A number of alternative mouse atlases are currently available, including the MOBY phantom (Segars et al 2004) created from Visible Mouse data from the Duke Center for In Vivo Microscopy, the atlas of embryonic mouse development at Caltech (Dhenain et al 2001) and the Mouse Atlas Project developed at the University of Edinburgh (Burger et al 2002). The Visible Mouse (Johnson et al 2002) is a 110 micron resolution magnetic resonance microscopy volume image of a normal 16 week old male C57BL/6 mouse. The organ models in the MOBY phantom were segmented from this data. Three-dimensional non-uniform rational B-spline (NURBS) surfaces were then fit to each segmented structure to generate a mathematical phantom. Cardiac and respiratory motion were also modelled using four-dimensional (4D) NURBS in the MOBY phantom (Segars et al 2004). The embryonic mouse atlas is a three-dimensional (3D) digital atlas of mouse embryo development from conception through birth, again constructed using magnetic resonance microscopy (Dhenain et al 2001). The atlas developed at the University of Edinburgh is a spatial database of gene expression patterns in the developing mouse embryo (Burger et al 2002). There are also a number of atlases that focus on the mouse brain (MacKenzie-Graham et al 2004, Rosen et al 2000, Hof et al 2000) and hypothalamus (Broadwell and Bleier 1976).
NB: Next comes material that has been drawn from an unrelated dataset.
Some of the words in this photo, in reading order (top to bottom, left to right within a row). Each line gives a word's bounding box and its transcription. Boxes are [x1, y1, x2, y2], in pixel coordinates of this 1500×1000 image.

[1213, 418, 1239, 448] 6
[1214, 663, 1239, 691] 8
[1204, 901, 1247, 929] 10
All but one of the atlases listed above are either restricted to a specific organ or are of embryonic rather than mature animals. The MOBY atlas is closest in spirit and content to the Digimouse atlas described here. However, in addition to differences in terms of the strain of the mouse, the types of organs defined, and resolution, these atlases differ in the modalities from which they were constructed, i.e. magnetic resonance microscopy versus x-ray CT and cryosectioning. The MOBY atlas has the advantage of modelling cardiac and respiratory motion providing a 4D mouse phantom for use by the small animal imaging community. The Digimouse atlas includes functional information (PET) in addition to the anatomical information (x-ray CT and cryosections) which together with the labelled atlas represent a multimodal mouse phantom. With the increasing use of small animal whole body in vivo imaging across multiple modalities the availability of a whole body multimodal atlas has many potential applications in both simulation and in vivo studies. Potential applications of the mouse atlas include the following:
A pedagogical tool for exploring mouse anatomy across modalities.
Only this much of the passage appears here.